About this exercise
This exercise calls for duplicating every entry below exactly, without the images.

Data for the task

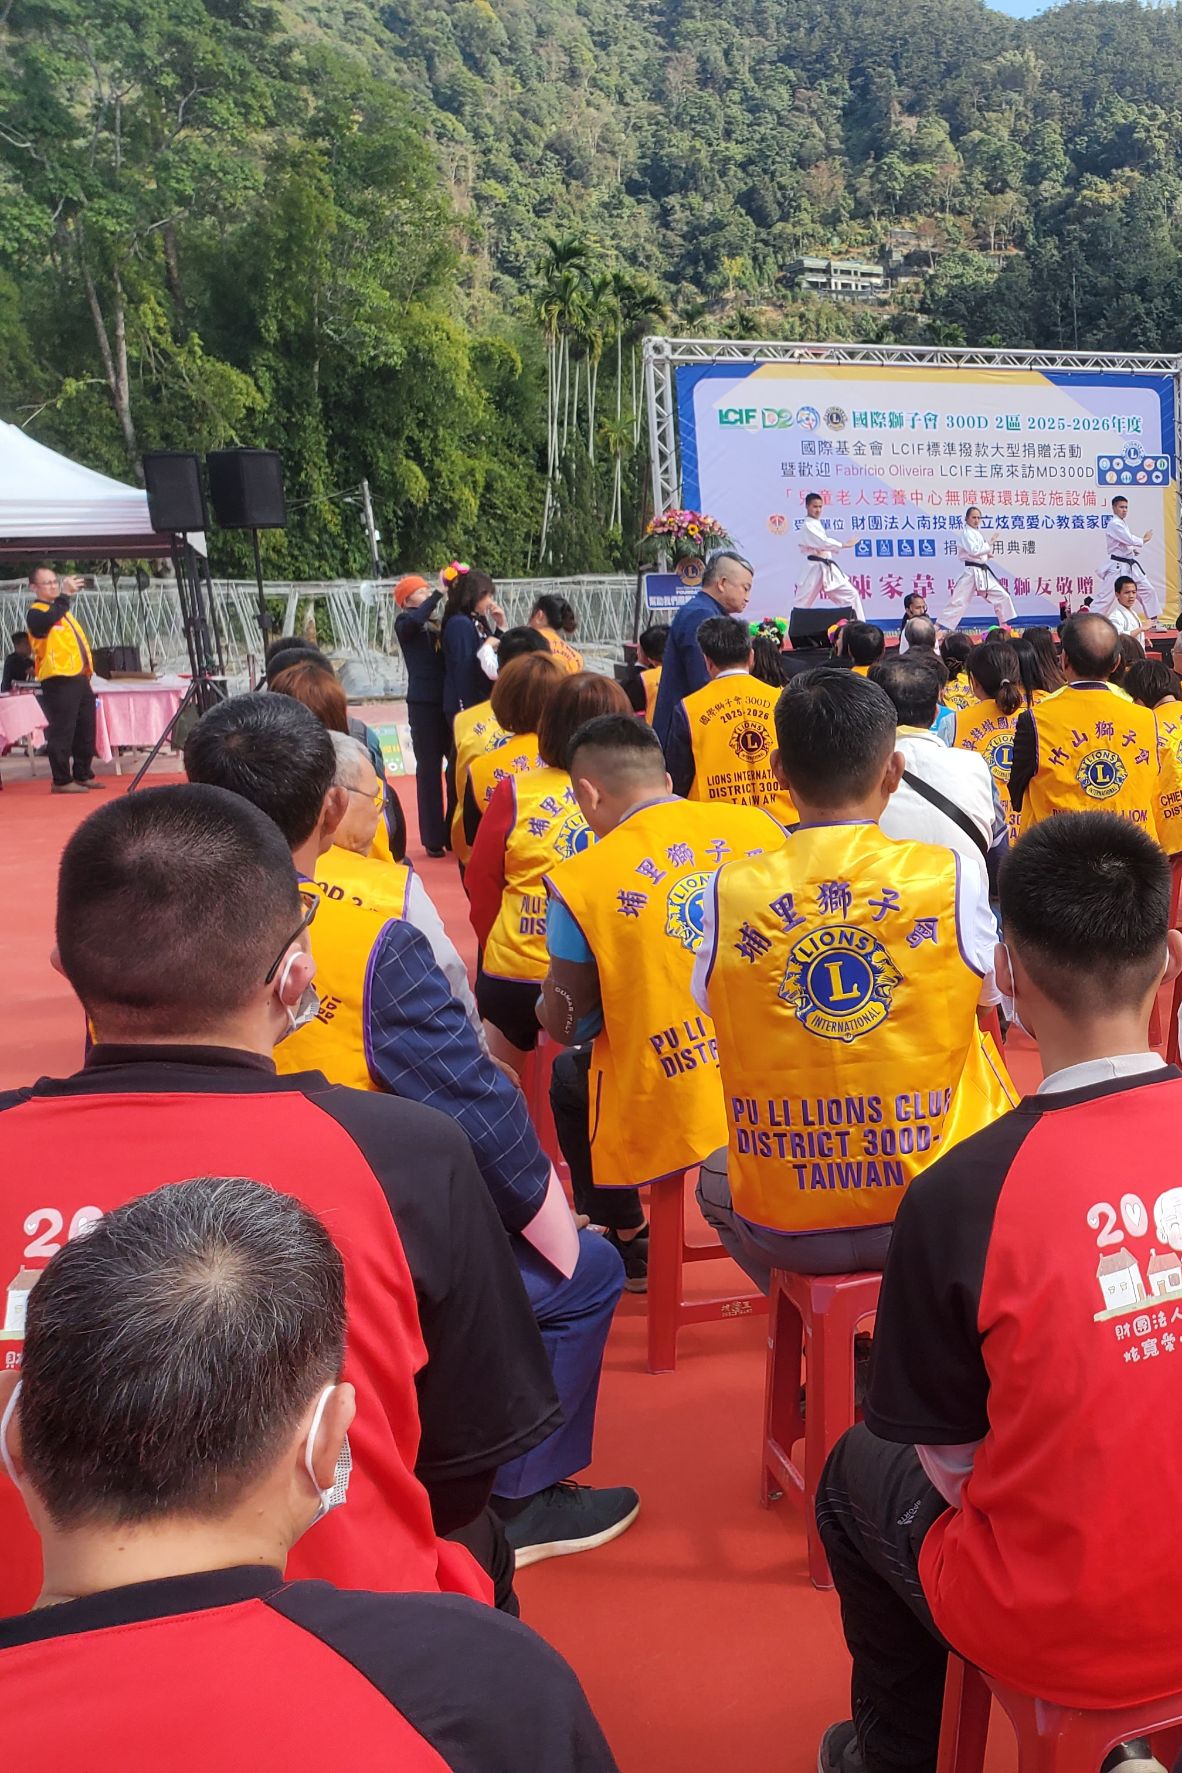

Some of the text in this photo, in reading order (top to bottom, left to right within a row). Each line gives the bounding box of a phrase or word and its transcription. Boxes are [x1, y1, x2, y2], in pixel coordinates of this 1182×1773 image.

[718, 408, 757, 425] LCIF
[852, 410, 1142, 434] 國際獅子會 300D 2區 2025-2026年度
[801, 440, 1082, 459] 國際基金會 LCIF標準撥款大型捐贈活動
[781, 462, 1095, 479] 暨歡迎 Fabricio Oliveira LCIF主席來訪MD300D
[851, 515, 1114, 531] 財團法人南投縣立炫寬愛心教養家園
[745, 696, 771, 709] 300D
[720, 708, 769, 724] 2025-2026
[737, 722, 762, 733] LIONS
[746, 733, 758, 749] L
[993, 736, 1015, 746] LION
[1048, 721, 1150, 767] 竹山獅子會
[1086, 751, 1117, 763] LIONS
[707, 769, 775, 786] LIONS INTERNATI
[1096, 764, 1110, 783] L
[709, 781, 781, 798] DISTRICT 300
[732, 793, 776, 806] TAIWAN
[673, 874, 711, 900] LION
[734, 880, 940, 963] 埔里獅子會
[802, 930, 870, 959] LIONS
[824, 961, 861, 1002] L
[811, 1007, 882, 1033] INTERNATIONAL
[649, 1016, 705, 1056] PU LI
[660, 1038, 719, 1079] DISTR
[731, 1097, 759, 1125] PU
[768, 1097, 791, 1127] LI
[801, 1095, 883, 1127] LIONS
[736, 1125, 944, 1159] DISTRICT 300D-
[792, 1160, 905, 1190] TAIWAN
[1086, 1192, 1149, 1248] 20

Result of the task
Some of the text in this photo, in reading order (top to bottom, left to right within a row). Each line gives the bounding box of a phrase or word and its transcription. Boxes are [x1, y1, x2, y2], in pixel coordinates of this 1182×1773 image.

[718, 408, 757, 425] LCIF
[852, 410, 1142, 434] 國際獅子會 300D 2區 2025-2026年度
[801, 440, 1082, 459] 國際基金會 LCIF標準撥款大型捐贈活動
[781, 462, 1095, 479] 暨歡迎 Fabricio Oliveira LCIF主席來訪MD300D
[851, 515, 1114, 531] 財團法人南投縣立炫寬愛心教養家園
[745, 696, 771, 709] 300D
[720, 708, 769, 724] 2025-2026
[737, 722, 762, 733] LIONS
[746, 733, 758, 749] L
[993, 736, 1015, 746] LION
[1048, 721, 1150, 767] 竹山獅子會
[1086, 751, 1117, 763] LIONS
[707, 769, 775, 786] LIONS INTERNATI
[1096, 764, 1110, 783] L
[709, 781, 781, 798] DISTRICT 300
[732, 793, 776, 806] TAIWAN
[673, 874, 711, 900] LION
[734, 880, 940, 963] 埔里獅子會
[802, 930, 870, 959] LIONS
[824, 961, 861, 1002] L
[811, 1007, 882, 1033] INTERNATIONAL
[649, 1016, 705, 1056] PU LI
[660, 1038, 719, 1079] DISTR
[731, 1097, 759, 1125] PU
[768, 1097, 791, 1127] LI
[801, 1095, 883, 1127] LIONS
[736, 1125, 944, 1159] DISTRICT 300D-
[792, 1160, 905, 1190] TAIWAN
[1086, 1192, 1149, 1248] 20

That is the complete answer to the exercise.